**What the task requires**
Write every line below out again, exactly as given, but leave out the pictures.

....

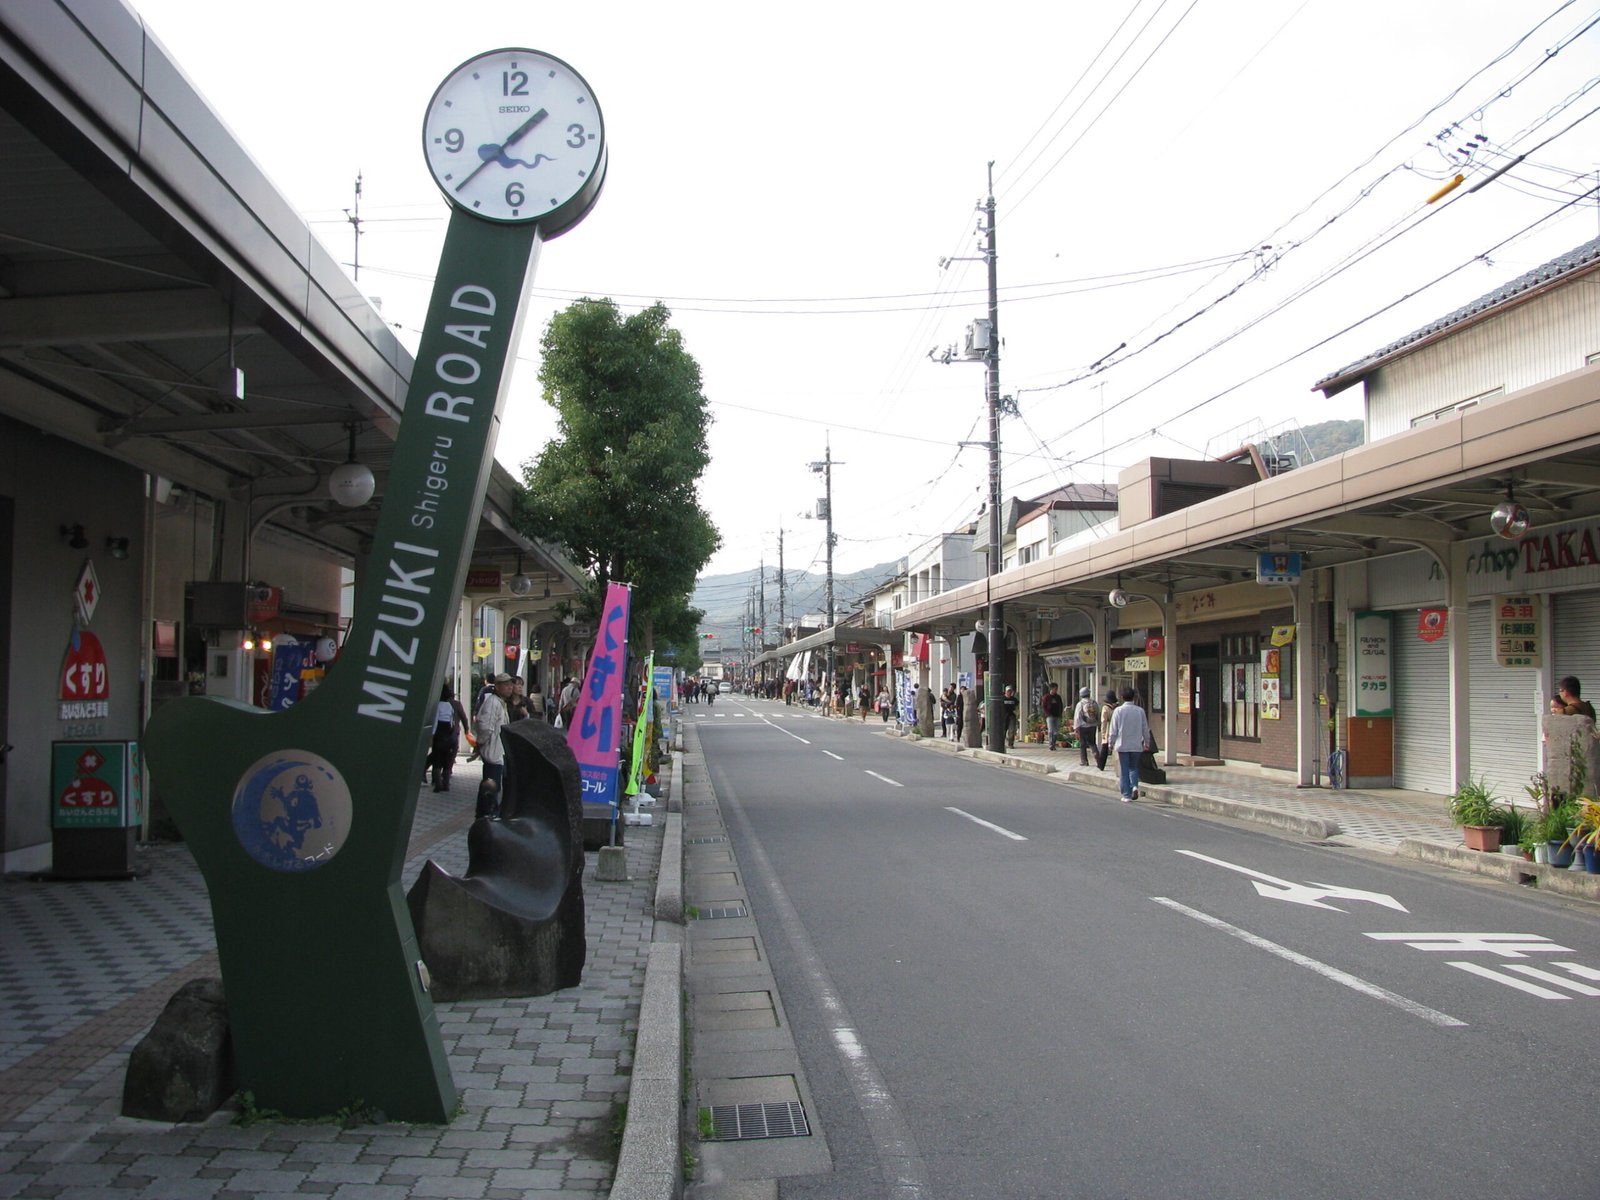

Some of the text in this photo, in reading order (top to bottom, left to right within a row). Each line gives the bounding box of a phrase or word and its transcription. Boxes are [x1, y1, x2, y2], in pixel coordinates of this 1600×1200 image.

[503, 71, 529, 96] 12
[499, 105, 531, 114] SEIKO
[444, 128, 464, 153] 9
[566, 123, 585, 149] 3
[505, 182, 525, 207] 6
[357, 283, 498, 723] MIZUKI Shigeru ROAD
[1519, 527, 1600, 573] TAKA
[65, 662, 106, 694] くすり
[580, 605, 624, 753] くすり
[1361, 681, 1387, 690] タカラ
[64, 791, 114, 806] くすり
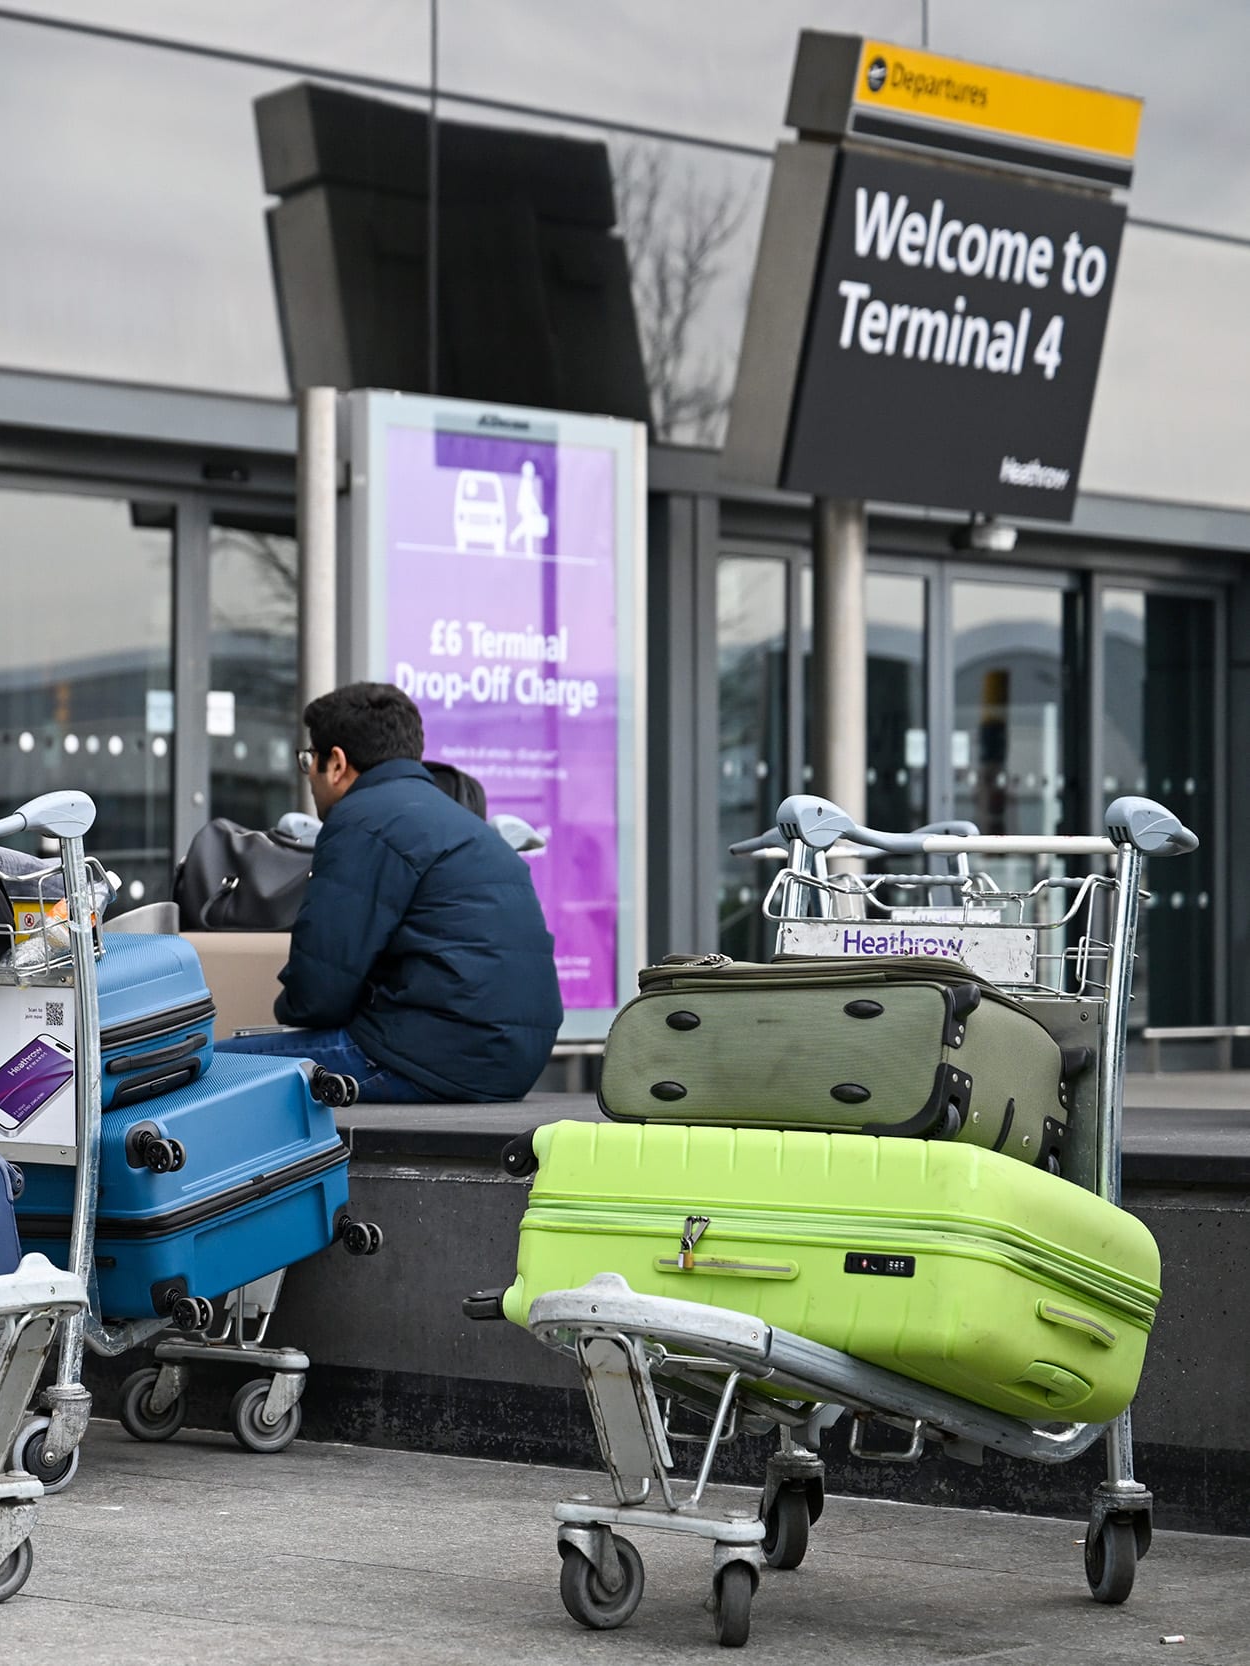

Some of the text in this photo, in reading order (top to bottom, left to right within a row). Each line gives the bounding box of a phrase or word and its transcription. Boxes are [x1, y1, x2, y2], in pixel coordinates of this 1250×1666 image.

[890, 61, 989, 108] Departures
[855, 186, 1108, 297] Welcome to
[838, 280, 1064, 380] Terminal 4
[999, 455, 1070, 490] Heathrow
[429, 618, 568, 664] £6 Terminal
[395, 661, 599, 716] Drop-Off Charge
[843, 929, 964, 956] Heathrow
[6, 1046, 44, 1077] Heathrow
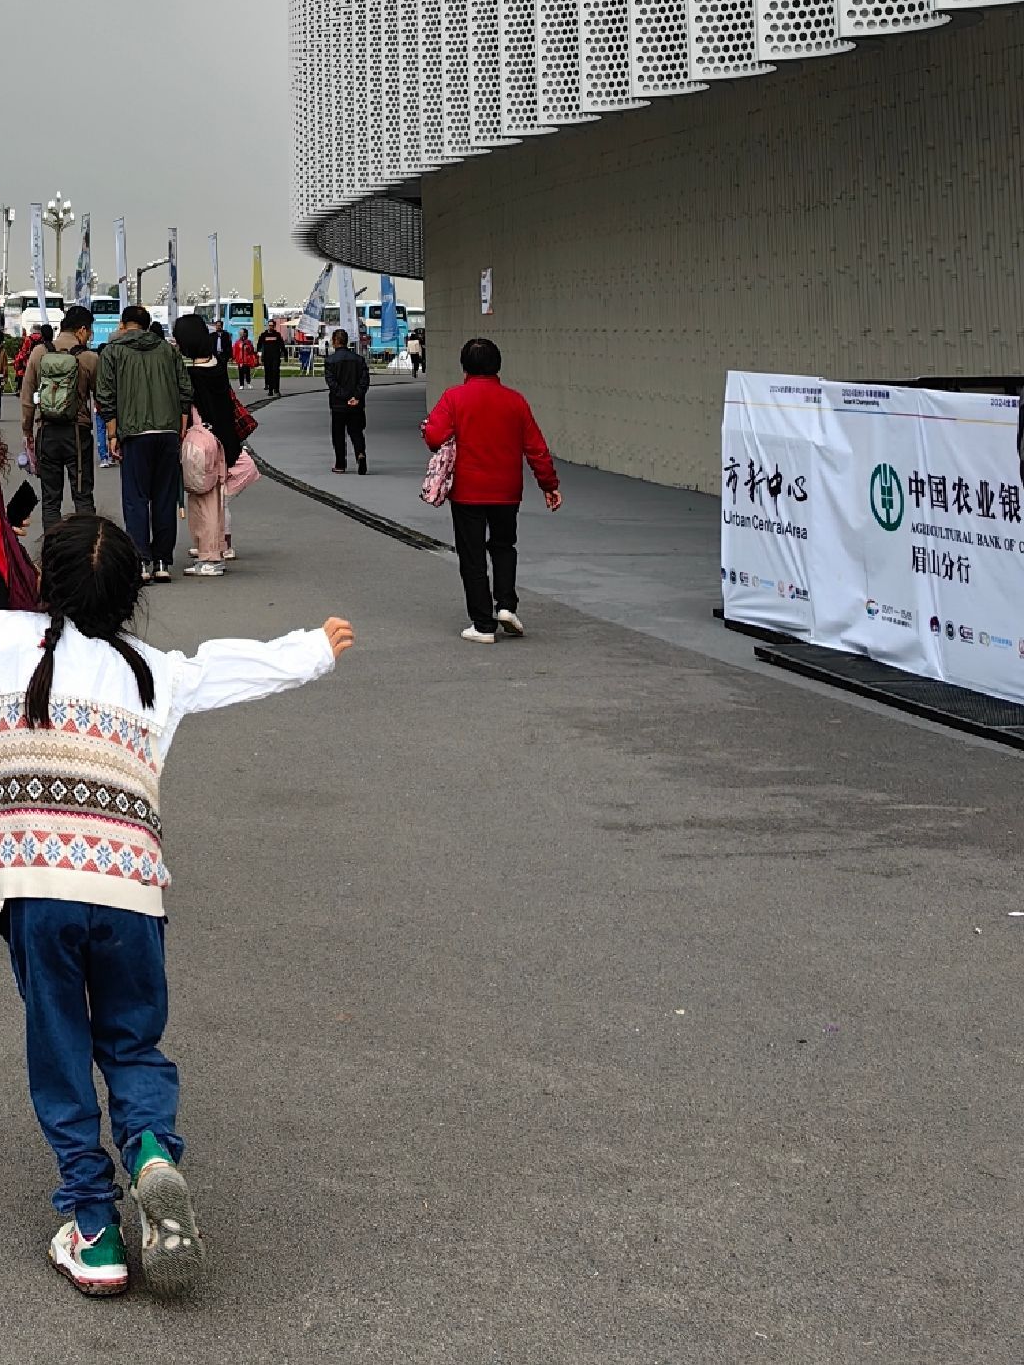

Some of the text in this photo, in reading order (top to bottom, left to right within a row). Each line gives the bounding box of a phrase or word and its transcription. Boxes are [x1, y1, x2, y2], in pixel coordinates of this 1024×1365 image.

[908, 470, 1021, 524] 中国农业银
[723, 509, 752, 528] Urban
[785, 521, 808, 540] Area
[910, 521, 973, 546] AGRICULTURAL
[975, 532, 1002, 550] BANK
[1004, 538, 1016, 552] OF
[912, 544, 971, 584] 眉山分行
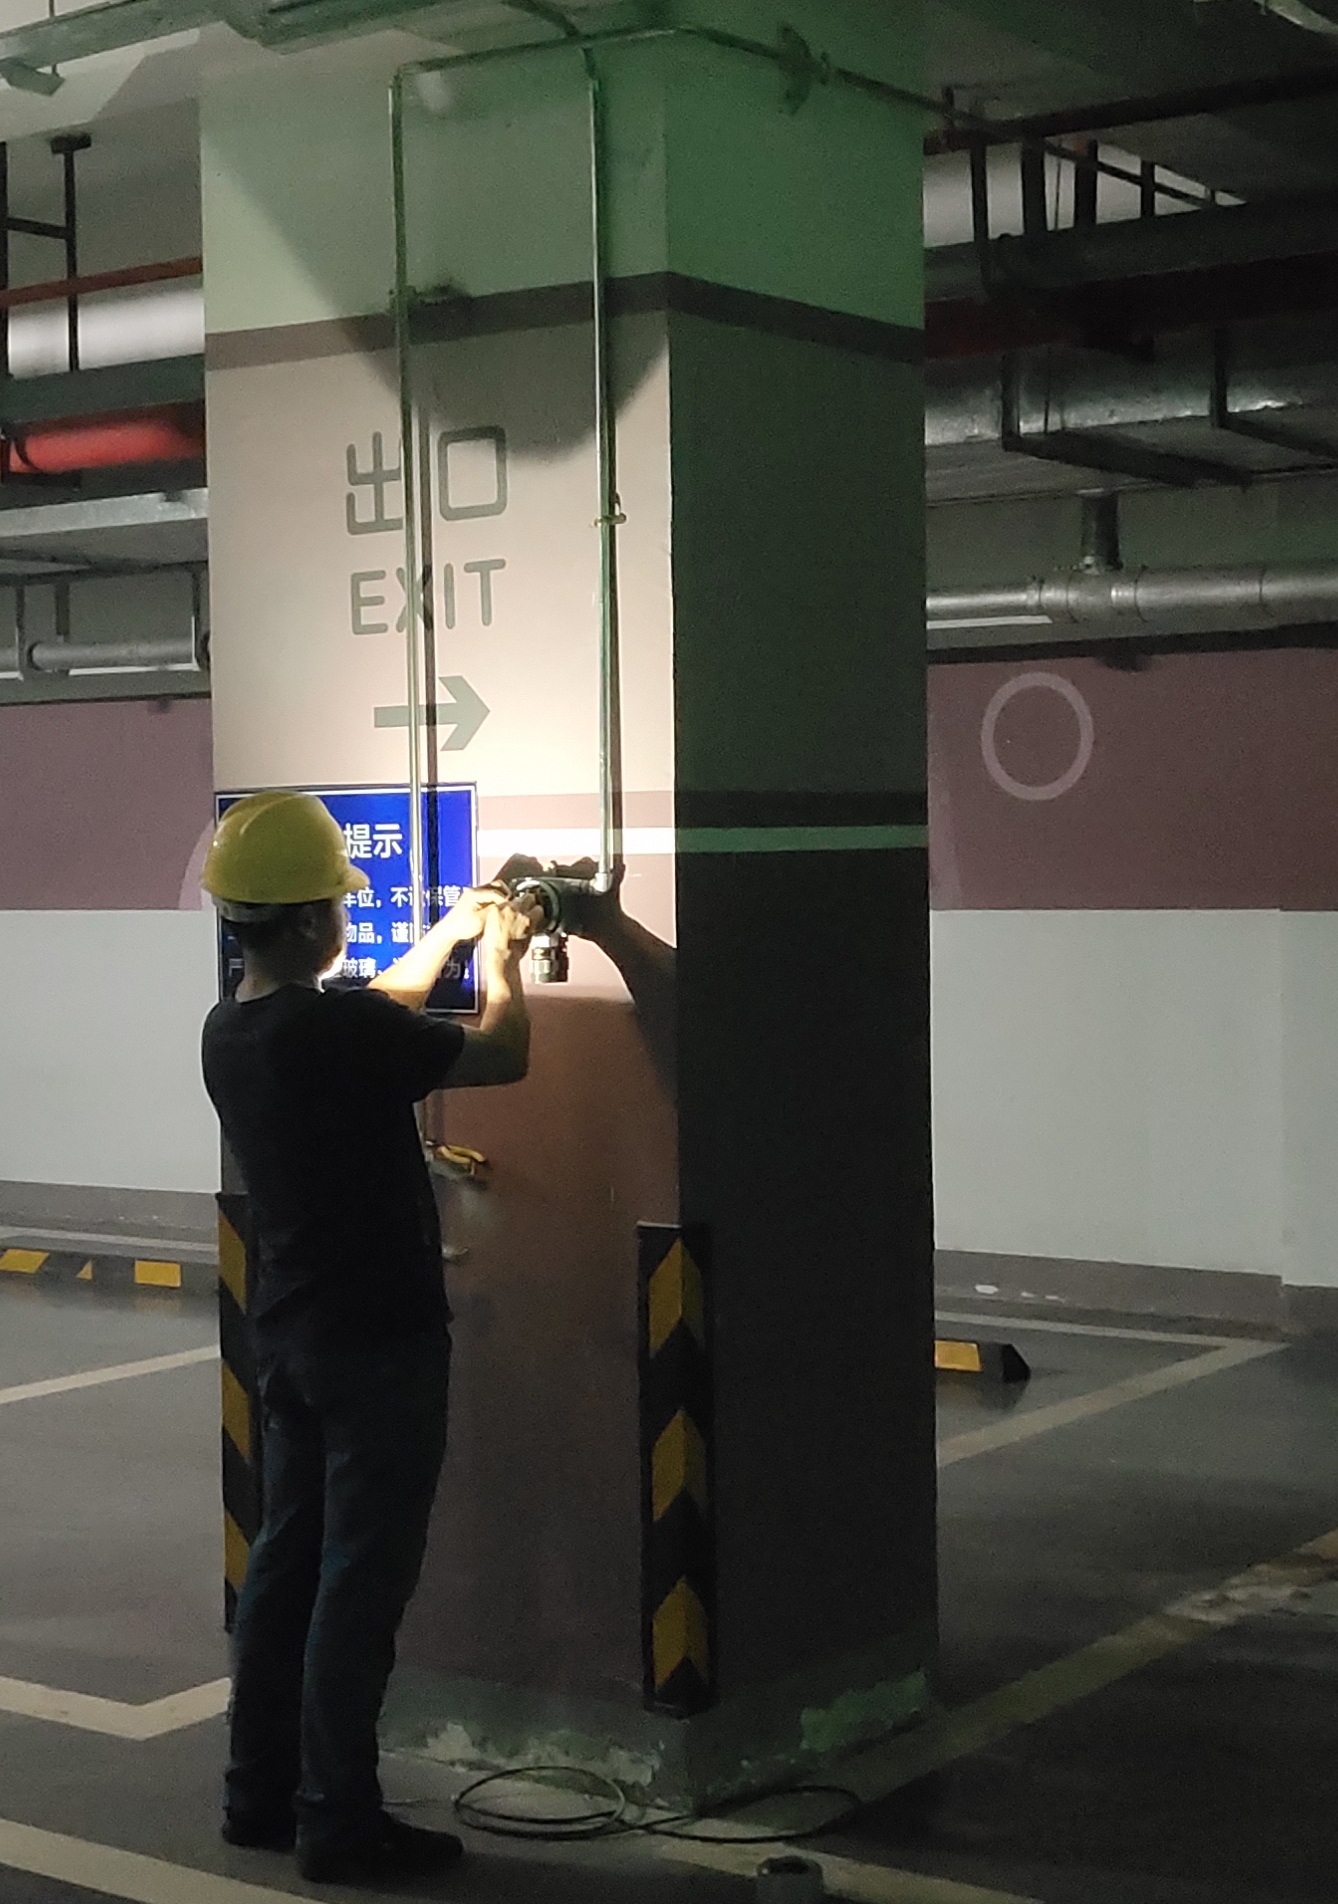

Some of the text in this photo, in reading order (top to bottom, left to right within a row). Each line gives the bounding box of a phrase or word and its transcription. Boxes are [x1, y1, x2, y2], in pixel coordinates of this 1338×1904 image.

[346, 426, 507, 535] 出口
[351, 559, 506, 635] EXIT
[343, 822, 403, 859] 提示

....

**Reply to the task**
Some of the text in this photo, in reading order (top to bottom, left to right within a row). Each line gives the bounding box of a phrase or word and its transcription. Boxes are [x1, y1, x2, y2], in pixel coordinates of this 1600×1200 image.

[503, 71, 529, 96] 12
[499, 105, 531, 114] SEIKO
[444, 128, 464, 153] 9
[566, 123, 585, 149] 3
[505, 182, 525, 207] 6
[357, 283, 498, 723] MIZUKI Shigeru ROAD
[1519, 527, 1600, 573] TAKA
[65, 662, 106, 694] くすり
[580, 605, 624, 753] くすり
[1361, 681, 1387, 690] タカラ
[64, 791, 114, 806] くすり

Some of the text in this photo, in reading order (top to bottom, left to right within a row). Each line gives the bounding box of a phrase or word and its transcription. Boxes are [x1, y1, x2, y2], in pixel coordinates of this 1250×1666 image.

[890, 61, 989, 108] Departures
[855, 186, 1108, 297] Welcome to
[838, 280, 1064, 380] Terminal 4
[999, 455, 1070, 490] Heathrow
[429, 618, 568, 664] £6 Terminal
[395, 661, 599, 716] Drop-Off Charge
[843, 929, 964, 956] Heathrow
[6, 1046, 44, 1077] Heathrow

Some of the text in this photo, in reading order (top to bottom, left to right within a row). Each line gives the bounding box of a phrase or word and its transcription. Boxes are [x1, y1, x2, y2], in pixel coordinates of this 1024×1365 image.

[908, 470, 1021, 524] 中国农业银
[723, 509, 752, 528] Urban
[785, 521, 808, 540] Area
[910, 521, 973, 546] AGRICULTURAL
[975, 532, 1002, 550] BANK
[1004, 538, 1016, 552] OF
[912, 544, 971, 584] 眉山分行

Some of the text in this photo, in reading order (top to bottom, left to right within a row). Each line gives the bounding box of a phrase or word and its transcription. Boxes are [x1, y1, x2, y2], in pixel coordinates of this 1338×1904 image.

[346, 426, 507, 535] 出口
[351, 559, 506, 635] EXIT
[343, 822, 403, 859] 提示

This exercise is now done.